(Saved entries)
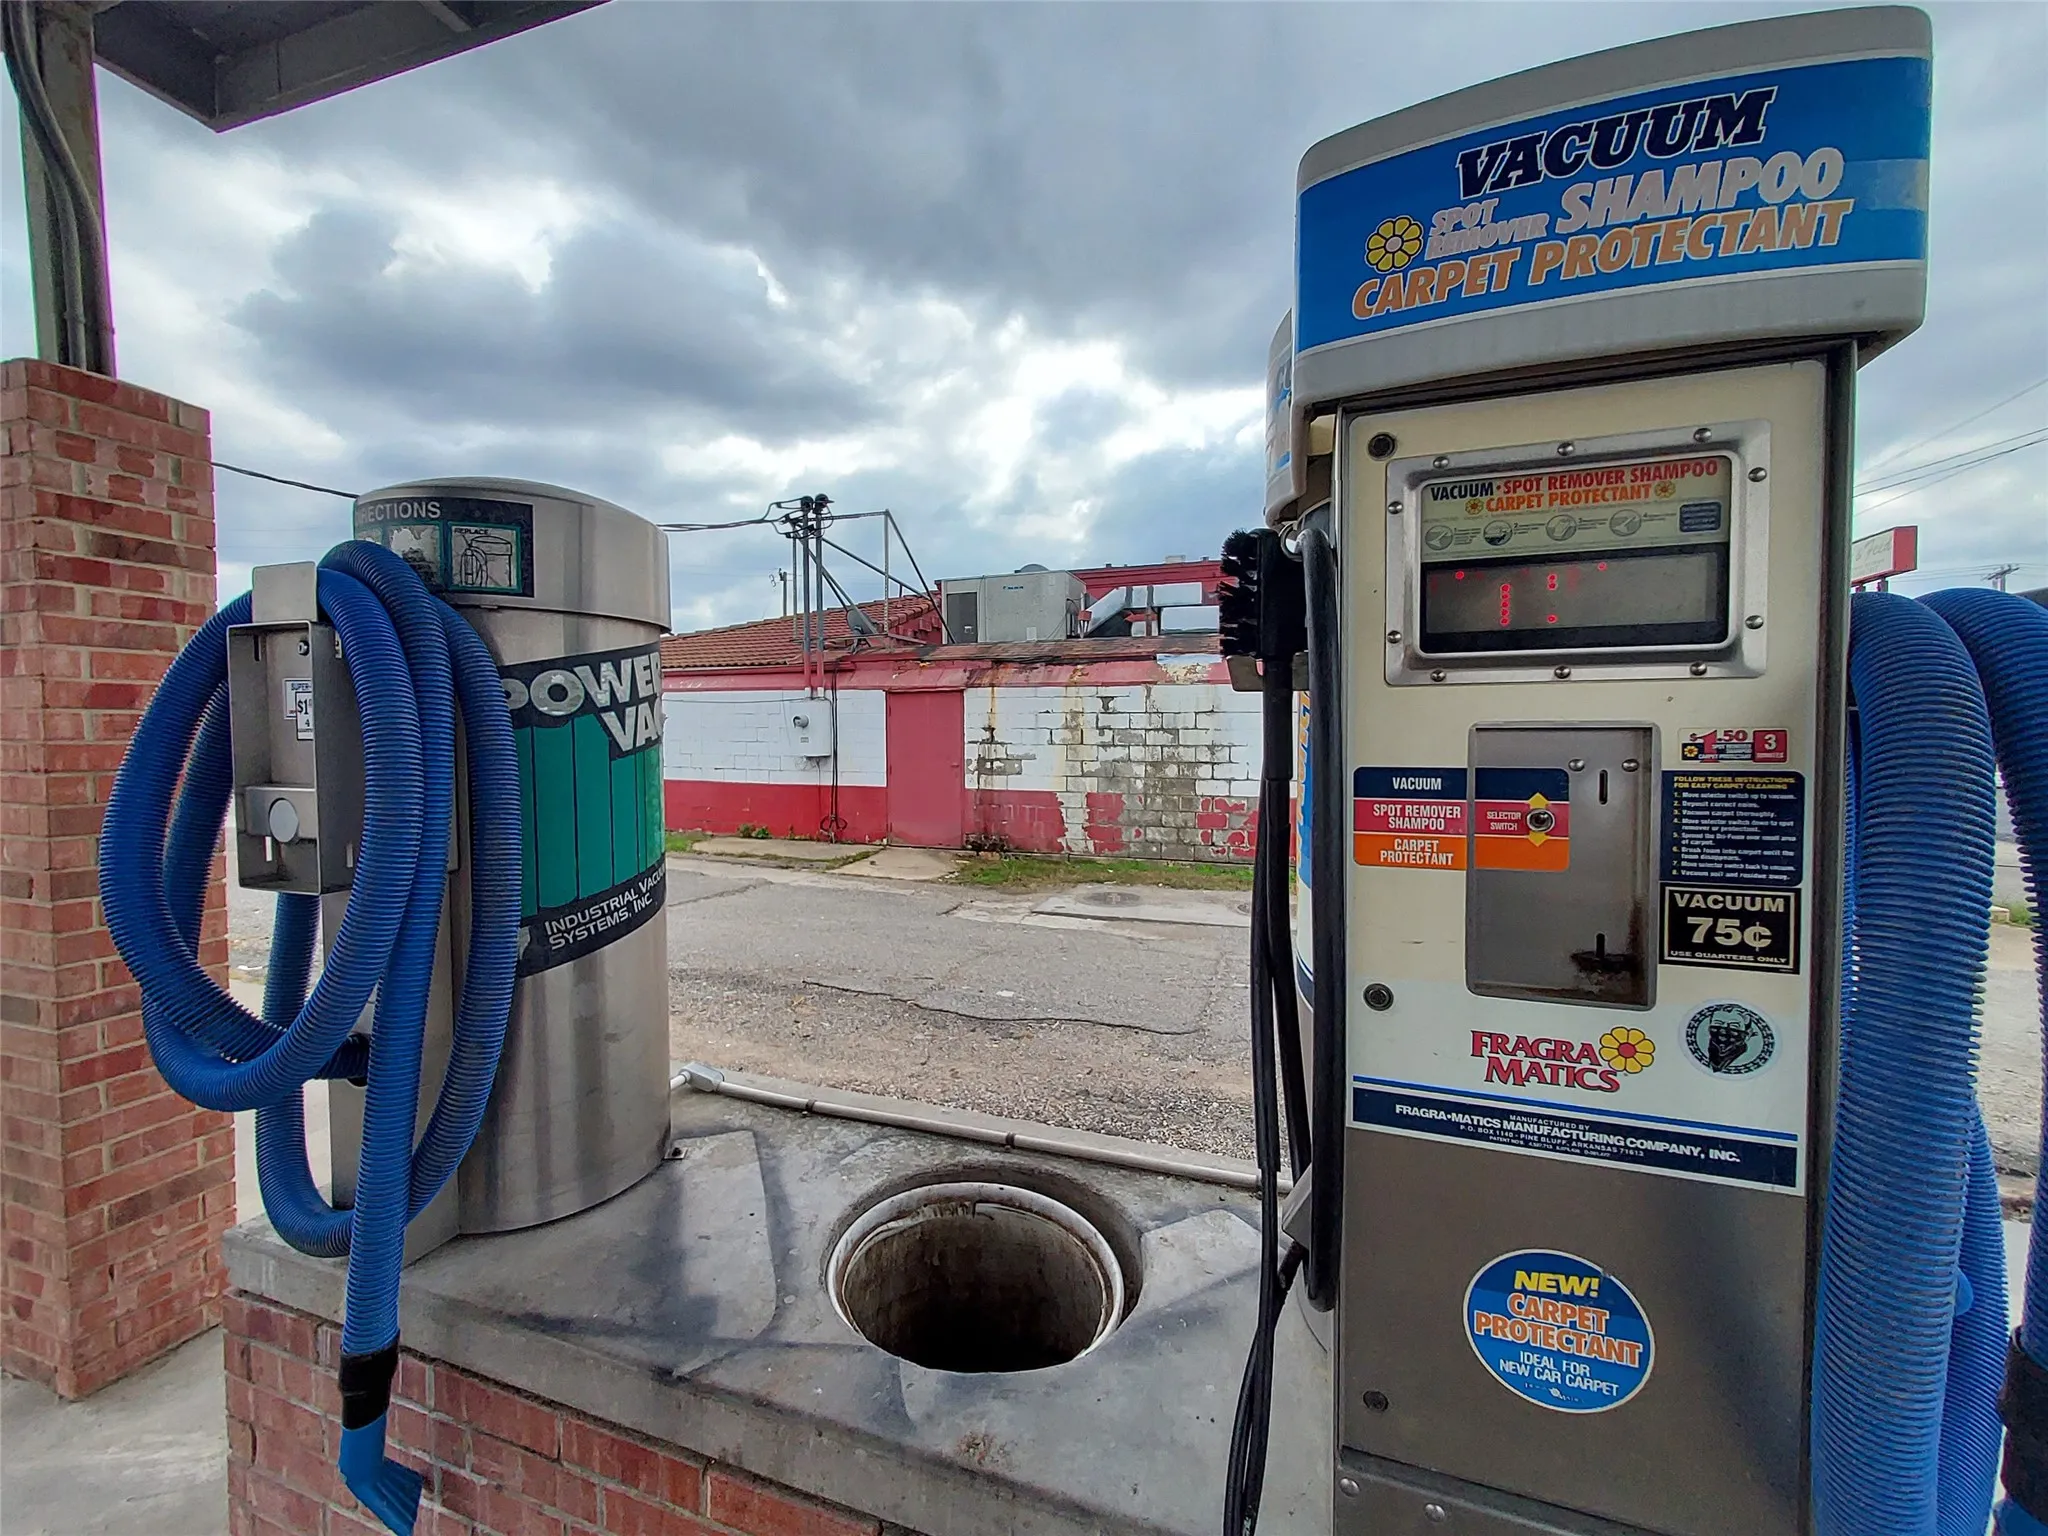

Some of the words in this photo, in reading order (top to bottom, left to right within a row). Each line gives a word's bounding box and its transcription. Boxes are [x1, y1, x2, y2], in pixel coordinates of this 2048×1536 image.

[1457, 86, 1778, 200] VACUUM
[1425, 213, 1549, 260] REMOVER
[1555, 147, 1845, 235] SHAMPOO
[1430, 199, 1499, 235] SPOT
[1352, 247, 1521, 320] CARPET
[1528, 199, 1854, 286] PROTECTANT
[1431, 482, 1493, 500] VACUUM
[1503, 477, 1544, 494] SPOT
[1548, 470, 1625, 491] REMOVER
[1630, 460, 1717, 482] SHAMPOO
[1486, 494, 1544, 512] CARPET
[1548, 484, 1652, 506] PROTECTANT
[1689, 730, 1748, 763] $1.50
[1764, 734, 1777, 750] 3
[1392, 777, 1442, 790] VACUUM
[1373, 804, 1402, 816] SPOT
[1405, 806, 1461, 819] REMOVER
[1388, 817, 1445, 831] SHAMPOO
[1486, 811, 1522, 820] SELECTOR
[1490, 822, 1518, 831] SWITCH
[1380, 850, 1454, 866] PROTECTANT
[1394, 839, 1439, 853] CARPET
[545, 887, 639, 936] INDUSTRIAL
[1673, 892, 1784, 912] VACUUM
[549, 906, 632, 950] SYSTEMS,
[1687, 916, 1772, 952] 75¢
[1694, 952, 1754, 962] QUARTERS
[1757, 956, 1787, 964] ONLY
[1471, 1030, 1601, 1066] FRAGRA
[1484, 1056, 1621, 1093] MATICS
[1510, 1114, 1577, 1129] MANUFACTURED
[1478, 1127, 1494, 1136] BOX
[1520, 1133, 1538, 1142] PINE
[1571, 1141, 1618, 1153] ARKANSAS
[1502, 1120, 1625, 1146] MANUFACTURING
[1626, 1137, 1705, 1159] COMPANY,
[1709, 1148, 1741, 1163] INC.
[1514, 1270, 1600, 1298] NEW!
[1507, 1293, 1609, 1334] CARPET
[1474, 1310, 1643, 1368] PROTECTANT
[1500, 1359, 1531, 1378] NEW
[1534, 1367, 1562, 1385] CAR
[1566, 1374, 1620, 1397] CARPET
[1520, 1350, 1556, 1370] IDEAL
[1563, 1360, 1591, 1377] FOR
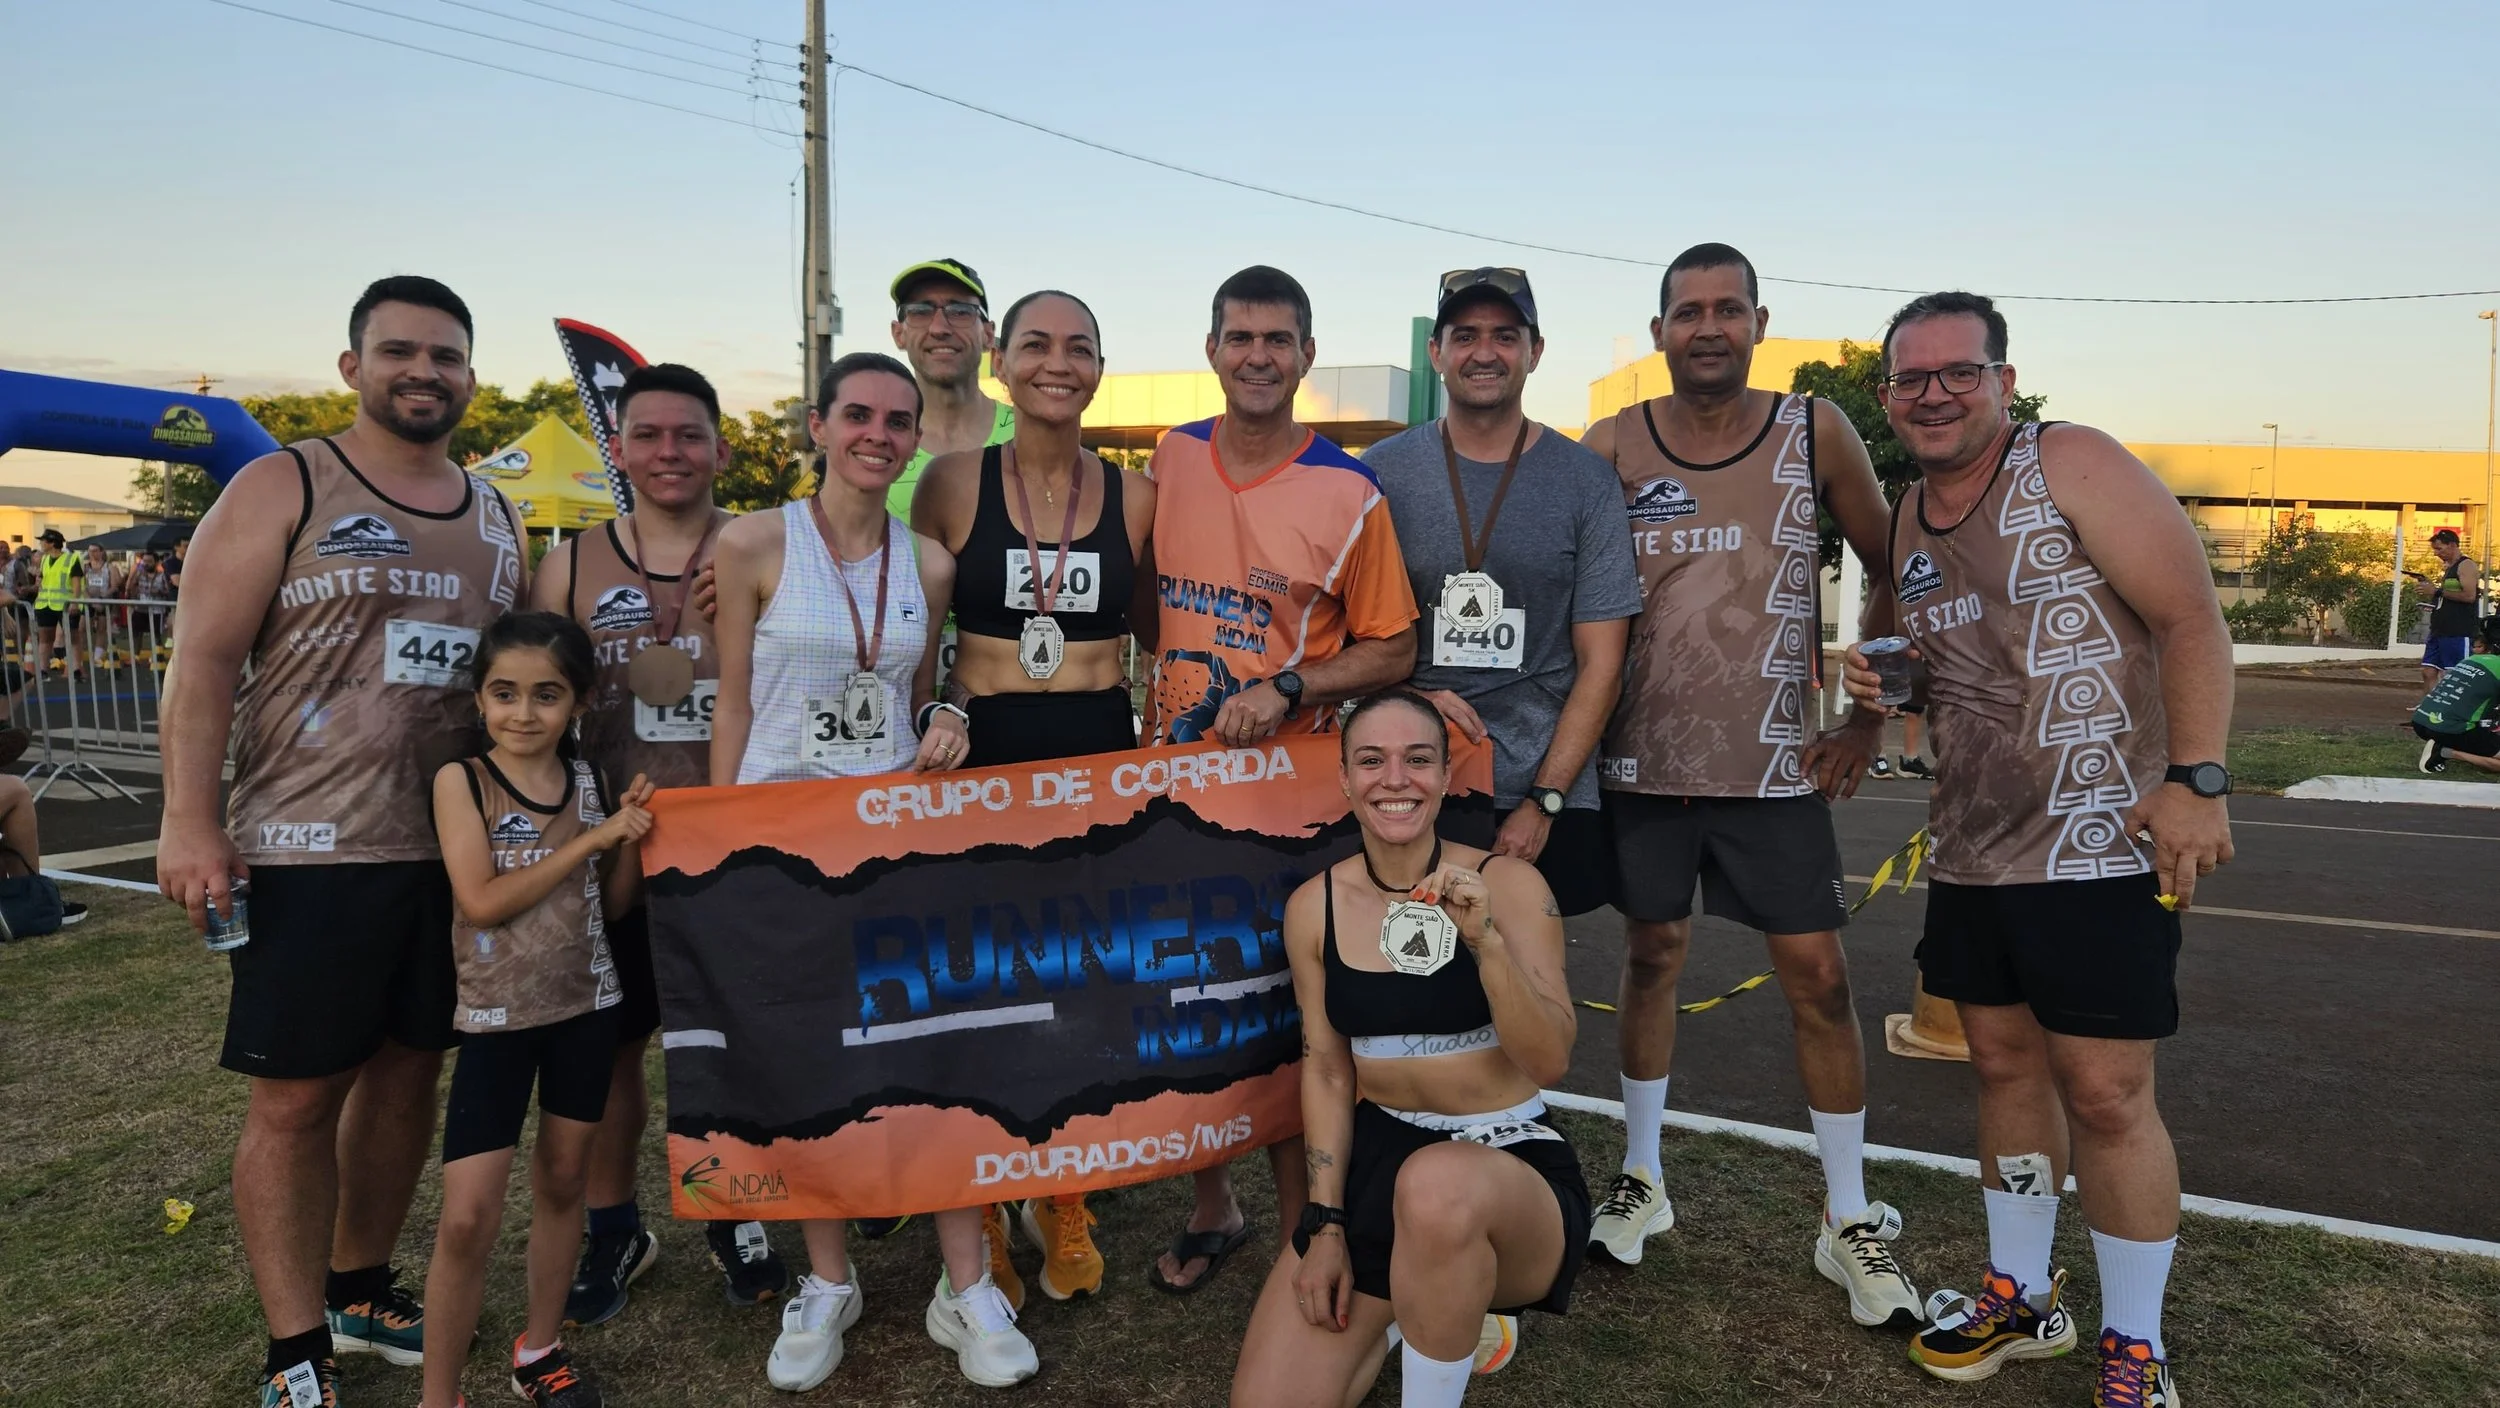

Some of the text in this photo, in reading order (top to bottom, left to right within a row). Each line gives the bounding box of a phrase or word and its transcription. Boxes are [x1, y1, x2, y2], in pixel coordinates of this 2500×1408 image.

WORK TASK -
Omit every picture, and otherwise quote the entries exactly.

RESPONSE -
Some of the words in this photo, in reading order (top to bottom, left to right within a row). Each line gives a word's bounding box and its transcription. Boxes are [x1, y1, x2, y2], in pixel coordinates of this 2048×1536 image.

[1457, 86, 1778, 200] VACUUM
[1425, 213, 1549, 260] REMOVER
[1555, 147, 1845, 235] SHAMPOO
[1430, 199, 1499, 235] SPOT
[1352, 247, 1521, 320] CARPET
[1528, 199, 1854, 286] PROTECTANT
[1431, 482, 1493, 500] VACUUM
[1503, 477, 1544, 494] SPOT
[1548, 470, 1625, 491] REMOVER
[1630, 460, 1717, 482] SHAMPOO
[1486, 494, 1544, 512] CARPET
[1548, 484, 1652, 506] PROTECTANT
[1689, 730, 1748, 763] $1.50
[1764, 734, 1777, 750] 3
[1392, 777, 1442, 790] VACUUM
[1373, 804, 1402, 816] SPOT
[1405, 806, 1461, 819] REMOVER
[1388, 817, 1445, 831] SHAMPOO
[1486, 811, 1522, 820] SELECTOR
[1490, 822, 1518, 831] SWITCH
[1380, 850, 1454, 866] PROTECTANT
[1394, 839, 1439, 853] CARPET
[545, 887, 639, 936] INDUSTRIAL
[1673, 892, 1784, 912] VACUUM
[549, 906, 632, 950] SYSTEMS,
[1687, 916, 1772, 952] 75¢
[1694, 952, 1754, 962] QUARTERS
[1757, 956, 1787, 964] ONLY
[1471, 1030, 1601, 1066] FRAGRA
[1484, 1056, 1621, 1093] MATICS
[1510, 1114, 1577, 1129] MANUFACTURED
[1478, 1127, 1494, 1136] BOX
[1520, 1133, 1538, 1142] PINE
[1571, 1141, 1618, 1153] ARKANSAS
[1502, 1120, 1625, 1146] MANUFACTURING
[1626, 1137, 1705, 1159] COMPANY,
[1709, 1148, 1741, 1163] INC.
[1514, 1270, 1600, 1298] NEW!
[1507, 1293, 1609, 1334] CARPET
[1474, 1310, 1643, 1368] PROTECTANT
[1500, 1359, 1531, 1378] NEW
[1534, 1367, 1562, 1385] CAR
[1566, 1374, 1620, 1397] CARPET
[1520, 1350, 1556, 1370] IDEAL
[1563, 1360, 1591, 1377] FOR

Some of the text in this photo, in reading order (top to bottom, left to right within a row). Each line gives the bounding box of a phrase or word and its transcription. Boxes are [x1, y1, x2, y2], in pixel coordinates of this 2500×1408 image.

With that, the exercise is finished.